DIE ZEIT: Herr Schmidt, in Österreich ist der 100. Geburtstag von Bruno Kreisky ein großes Ereignis. Aus diesem Anlass wird er als der wahrscheinlich bedeutendste Politiker der Zweiten Republik gewürdigt, als ein Reformer, der das Land modernisiert hat. Das ist die Binnenperspektive in einem kleinen Staat. Wenn Sie sich erinnern, können Sie aus Ihrer Wahrnehmung diese Würdigungen nachvollziehen?
Helmut Schmidt: Für uns in der damaligen Bundesrepublik war Österreich problemlos. Bis auf einige Scharmützel über unwichtige Dinge war das Verhältnis sehr freundnachbarlich. Infolgedessen nicht wichtig. Es hat mich nicht besonders interessieren müssen.
ZEIT: Und dann sieht man nicht so genau hin?
Schmidt: Warum soll man hingucken? Österreich war ein angenehmer Nachbar.
ZEIT: Gleichviel ist Ihnen Kreisky als herausragender Politiker in Erinnerung.
Schmidt: Das ist richtig. Wenn ich ihn allerdings zum Beispiel mit Tito vergleiche, also mit jener Figur, die diesen Kunststaat Jugoslawien nach dem Zweiten Weltkrieg neu geschaffen und dann zusammengehalten hat, so erschien mir der als größere Figur.
ZEIT: Während der dreizehn Kanzlerjahre von Kreisky waren Sie neun Jahre lang Amtskollegen – Regierungschefs zweier benachbarter Länder mit sehr viel gemeinsamer Geschichte. Können Sie sich noch an Ihre erste Begegnung erinnern?
Schmidt: Ich habe Kreisky als einen Freund von Willy Brandt kennengelernt.
ZEIT: Und haben Sie noch in Erinnerung, welchen Eindruck Kreisky auf Sie gemacht hat?
Schmidt: Er war ein Mann, der auf mich den Eindruck machte, als ob er alles besser wüsste. Aber soweit ich mich erinnern kann, hat er sich nicht über die deutsche Innen- und Außenpolitik geäußert, sodass es auch gar keinen Grund gab, miteinander stundenlang zu reden. Außer über die Weltlage im Großen. Er hatte guten Überblick über die Welt.
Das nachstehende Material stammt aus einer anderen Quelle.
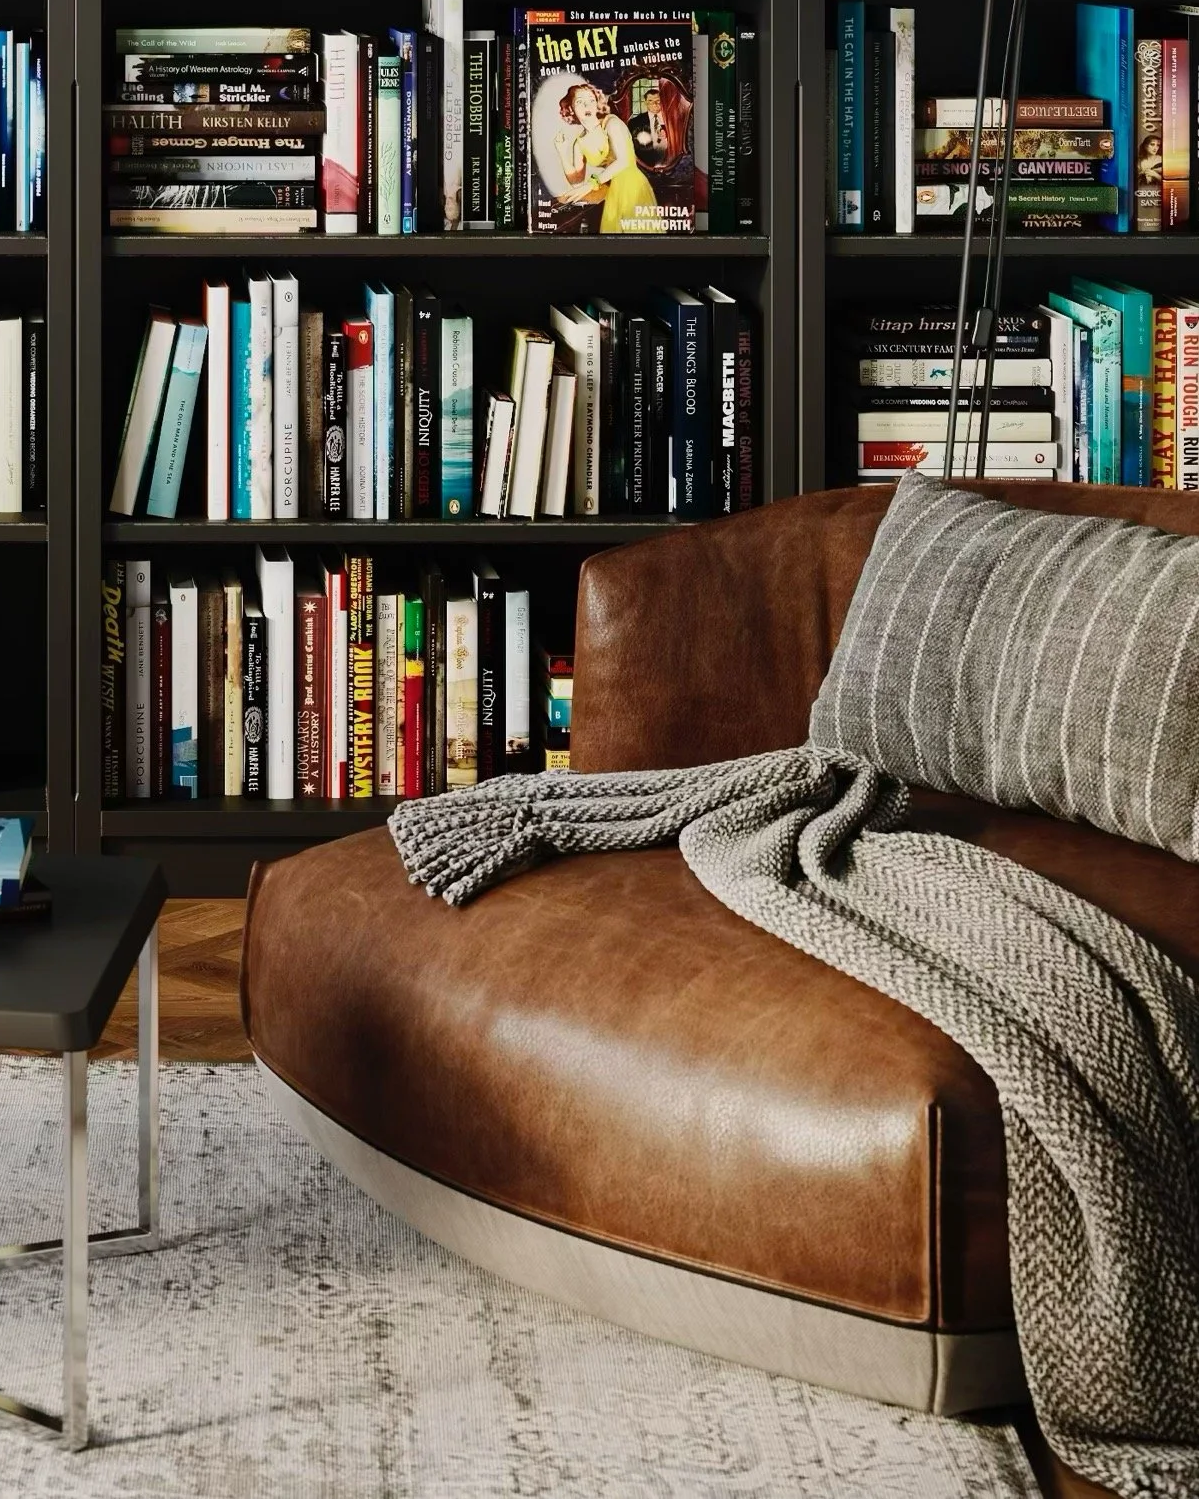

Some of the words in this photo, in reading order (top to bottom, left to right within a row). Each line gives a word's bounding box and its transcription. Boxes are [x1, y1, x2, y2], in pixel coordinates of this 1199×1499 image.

[845, 18, 854, 39] THE
[536, 34, 573, 64] the
[576, 26, 618, 59] KEY
[623, 41, 660, 53] unlocks
[665, 37, 681, 48] the
[845, 42, 854, 63] CAT
[155, 65, 179, 74] History
[180, 65, 189, 73] of
[190, 65, 219, 73] Western
[220, 65, 252, 75] Astrology
[470, 53, 483, 81] THE
[540, 65, 561, 77] door
[566, 64, 576, 74] to
[581, 60, 615, 72] murder
[620, 55, 637, 67] and
[643, 51, 683, 65] violence
[845, 67, 854, 79] IN
[121, 92, 164, 103] Calling
[219, 83, 245, 93] Paul
[250, 83, 266, 93] M.
[219, 94, 270, 102] Strickler
[845, 82, 853, 102] THE
[470, 84, 483, 136] HOBBIT
[716, 100, 724, 127] cover
[844, 106, 853, 128] HAT
[1019, 106, 1098, 117] BEETLEJUICE
[202, 117, 253, 128] KIRSTEN
[257, 117, 291, 128] KELLY
[727, 108, 736, 138] Name
[152, 138, 207, 149] Games
[211, 136, 270, 149] Hunger
[275, 138, 305, 149] The
[504, 135, 512, 160] LADY
[715, 130, 727, 154] your
[712, 156, 724, 166] of
[727, 144, 736, 185] Author
[504, 161, 512, 203] VANISHED
[712, 169, 724, 193] Title
[504, 205, 512, 224] THE
[634, 206, 689, 217] PATRICIA
[538, 222, 557, 230] Mystery
[620, 219, 691, 231] WENTWORTH
[419, 311, 431, 319] #4
[686, 317, 697, 337] THE
[586, 335, 594, 349] THE
[1154, 307, 1177, 384] HARD
[586, 352, 594, 366] BIG
[686, 341, 697, 374] KING'S
[586, 370, 594, 392] SLEEP
[634, 371, 643, 394] THE
[686, 378, 697, 415] BLOOD
[722, 352, 735, 447] MACBETH
[1153, 392, 1176, 420] IT
[586, 402, 594, 445] RAYMOND
[634, 396, 643, 438] PORTER
[174, 428, 182, 443] MAN
[171, 444, 179, 458] AND
[685, 440, 694, 470] SABRINA
[873, 454, 921, 462] HEMINGWAY
[284, 423, 293, 506] PORCUPINE
[586, 447, 594, 490] CHANDLER
[634, 440, 643, 503] PRINCIPLES
[330, 466, 341, 496] HARPER
[330, 497, 341, 512] LEE
[482, 668, 497, 726] INIQUITY
[136, 703, 145, 786] PORCUPINE
[298, 711, 309, 780] HOGWARTS
[311, 711, 319, 764] HISTORY
[249, 747, 259, 776] HARPER
[354, 710, 373, 798] MYSTERY
[249, 778, 259, 792] LEE
[311, 770, 319, 778] A
Ich habe Kreisky manchmal mit Tito verglichen, was ihre Unabhängigkeit von Moskau anging. Tito hatte einen Weltüberblick, der war unbeeinflusst von den Interessen der Sowjetunion. Das gilt auch für Kreisky. Er hatte wahrscheinlich einen besseren Überblick über die Welt als De Gaulle oder dessen Nachfolger Pompidou und einen viel besseren als irgendeiner der amerikanischen Präsidenten, die ich gekannt habe. Denn Kreisky hatte immer die Geschichte sowohl der europäischen Staaten als auch der ganzen Welt im Hinterkopf.
Kommentare
Kleingeistigkeit
Meines Wissens war Schmidt zwar nie Oberst, sondern höchstens Hauptmann der Wehrmacht, aber natürlich konnte die Chemie zwischen den beiden nicht stimmen, weil die biographischen Erfahrungen einfach zu unterschiedlich waren. Da mußte ein Brandt dem Kreisky einfach näherstehen. Hinzu kommt, daß Schmidt sein Amt natürlich ganz anders, möglicherweise bürokratischer, definierte und den großen Projekten und Gedanken nur wenig abgewinnen konnte.
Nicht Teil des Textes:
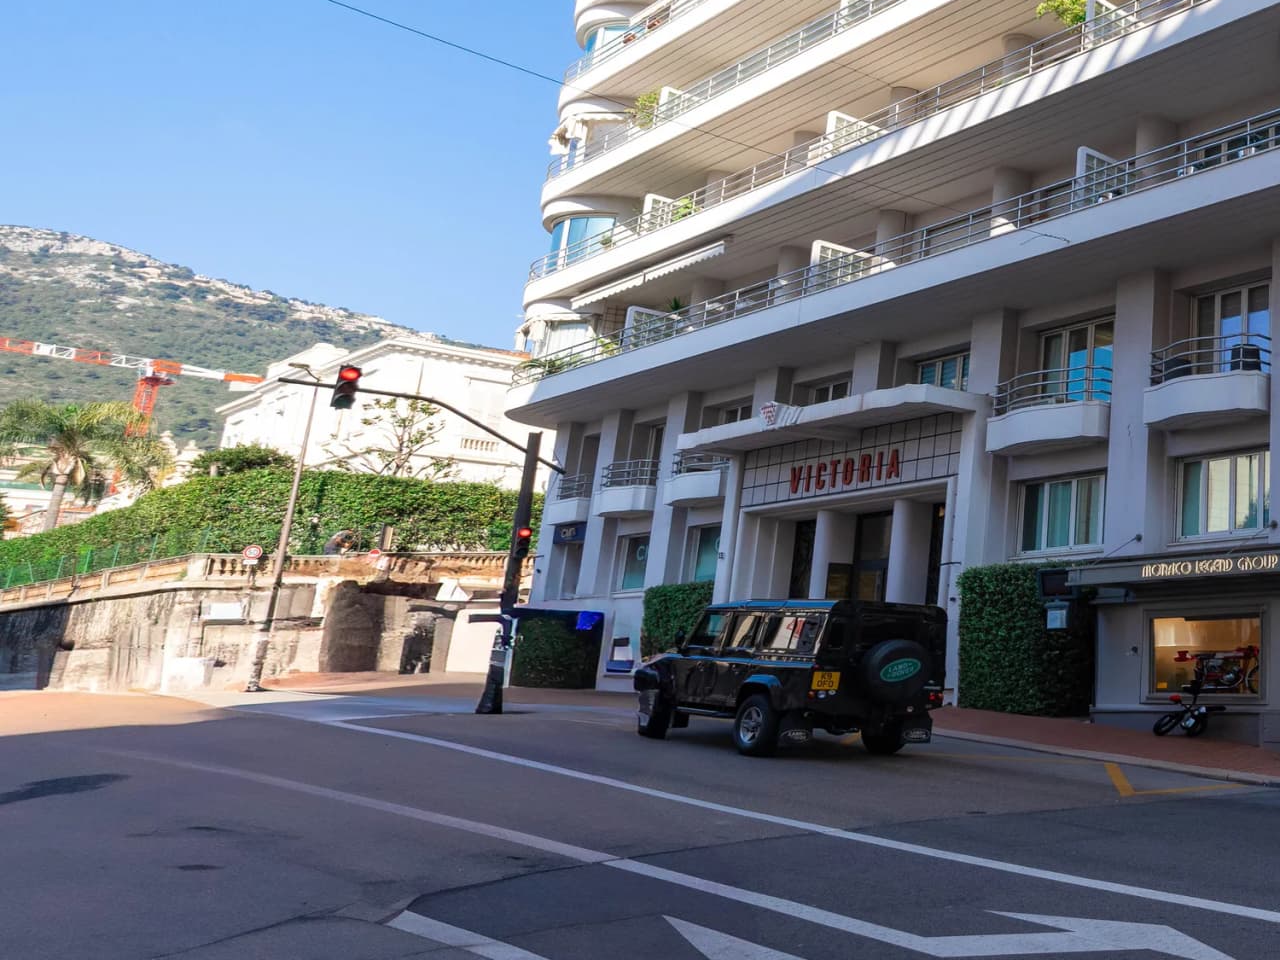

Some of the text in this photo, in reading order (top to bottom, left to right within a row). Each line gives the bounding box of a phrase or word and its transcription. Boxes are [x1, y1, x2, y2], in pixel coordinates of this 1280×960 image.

Bedauerlich finde ich Schmidts Tendenz zum schulmeisterlichen Abkanzeln und die ungefilterte / unwidersprochene Wiedergabe in seiner Hauspost.
Oberleutnat
Ja, natürlich Oberleutnant, zum Hauptmann der Reserve wurde er erst in den Anfängen der Bundeswehr befördert.
Unser Österreicher
Schmidt: "Was ihm zugestanden hätte, wäre eine Geste gewesen wie zum Beispiel der Kniefall von Willy Brandt im Ghetto zu Warschau."
Da stimme ich 100% zu!
Österreich steht - gemeinsam mit Deutschland - knietief in der Schuld der Judenvernichtung und des zweiten Weltkrieges.
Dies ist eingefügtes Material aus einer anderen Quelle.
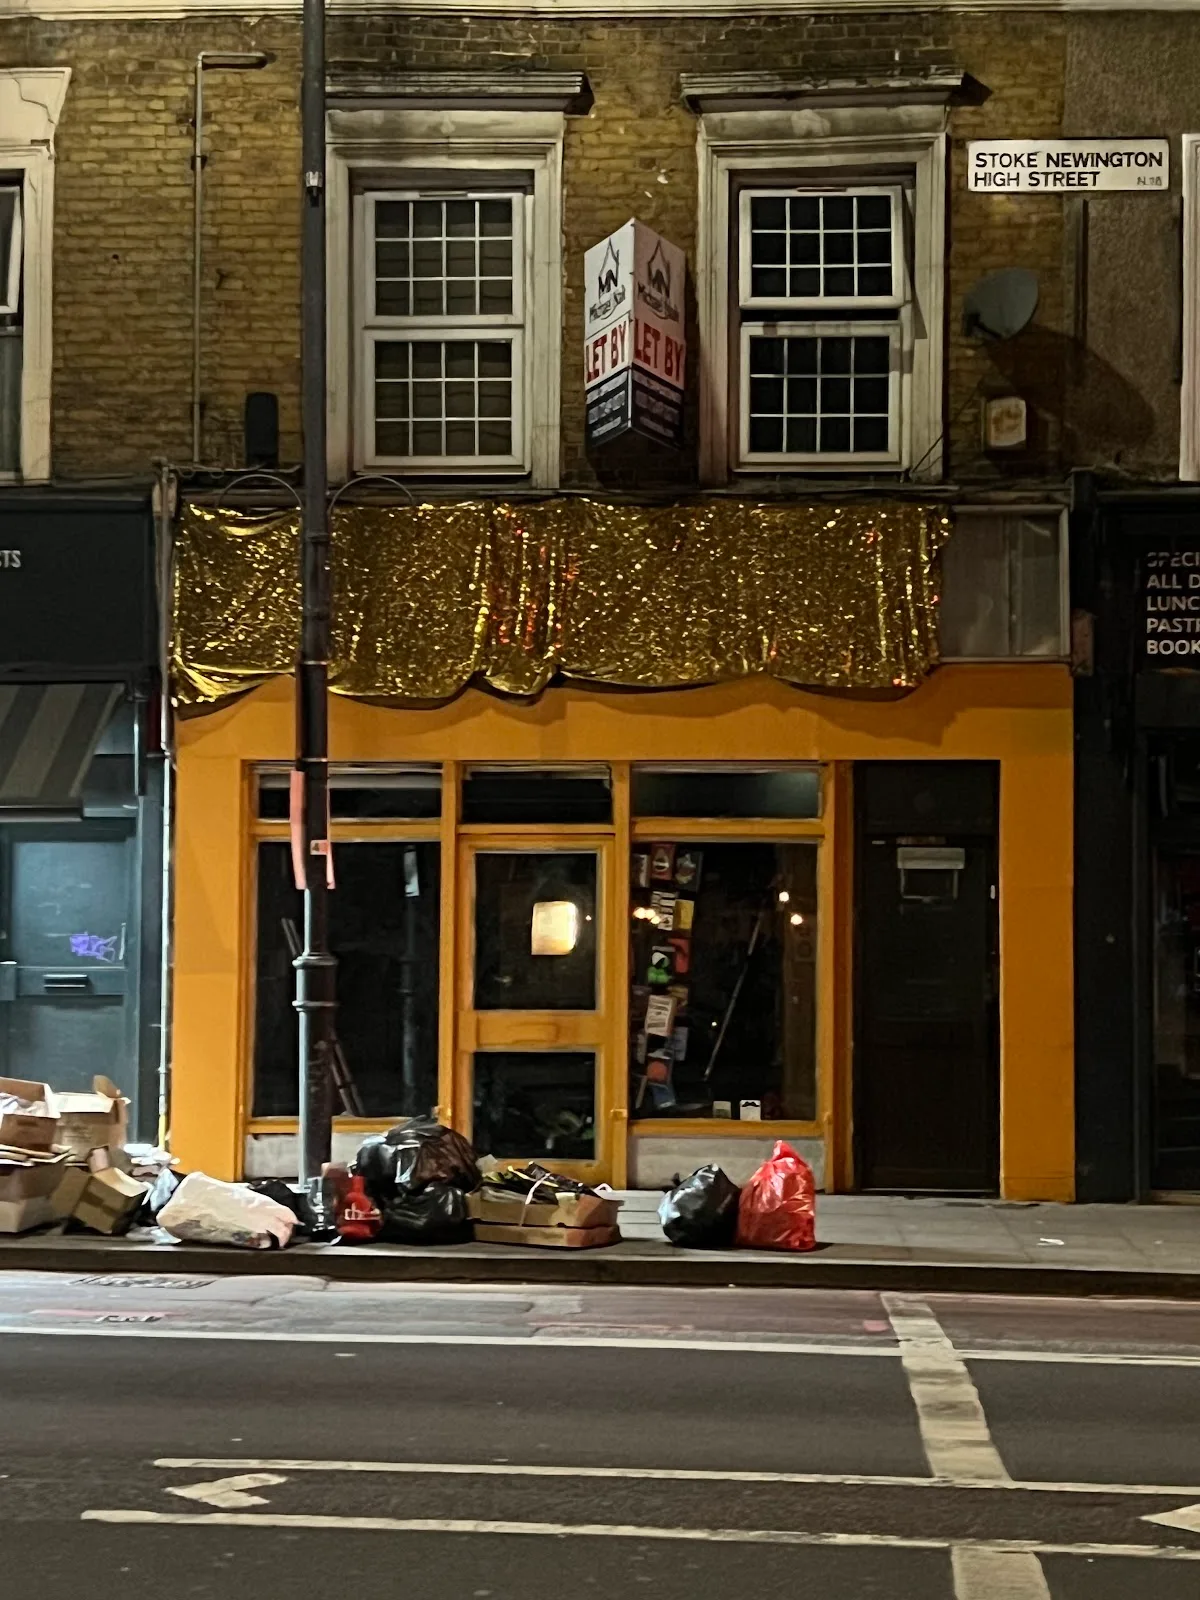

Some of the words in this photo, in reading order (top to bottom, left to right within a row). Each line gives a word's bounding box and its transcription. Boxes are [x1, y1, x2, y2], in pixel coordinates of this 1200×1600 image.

[975, 152, 1038, 168] STOKE
[1046, 151, 1163, 168] NEWINGTON
[974, 172, 1020, 187] HIGH
[1028, 171, 1101, 187] STREET
[585, 334, 608, 384] LET
[610, 320, 627, 369] BY
[634, 318, 661, 369] LET
[664, 335, 684, 382] BY
[0, 550, 21, 568] TS
[1146, 573, 1182, 589] ALL
Das sollte man weder verdrängen noch verleugnen.
Es ist Zeit die Wahrheit aufzuarbeiten.
Kreisky, ein Mann, der alles besser wusste:
das sagt der Richtige, nicht nur Carter oder Begin können oder konnten ein Lied von Schmidts Rechthaberei singen.
Zur Beurteilung des letzgenannten durch den Kanzler a.D. lässt sich feststellen, dass es - bedenkt man Schmidts wiederholt geäusserte Wertschätzung etwa für Deng Xiaoping , den Schlächter vom Platz des himmmlischen Friedens, wohl nicht seine Vergangenheit als Irgun-Terrorist ist, die ihn zur ‘nicht akzeptablen Persönlichkeit’ macht, schon gar nicht der mit Sadat erreichte Frieden.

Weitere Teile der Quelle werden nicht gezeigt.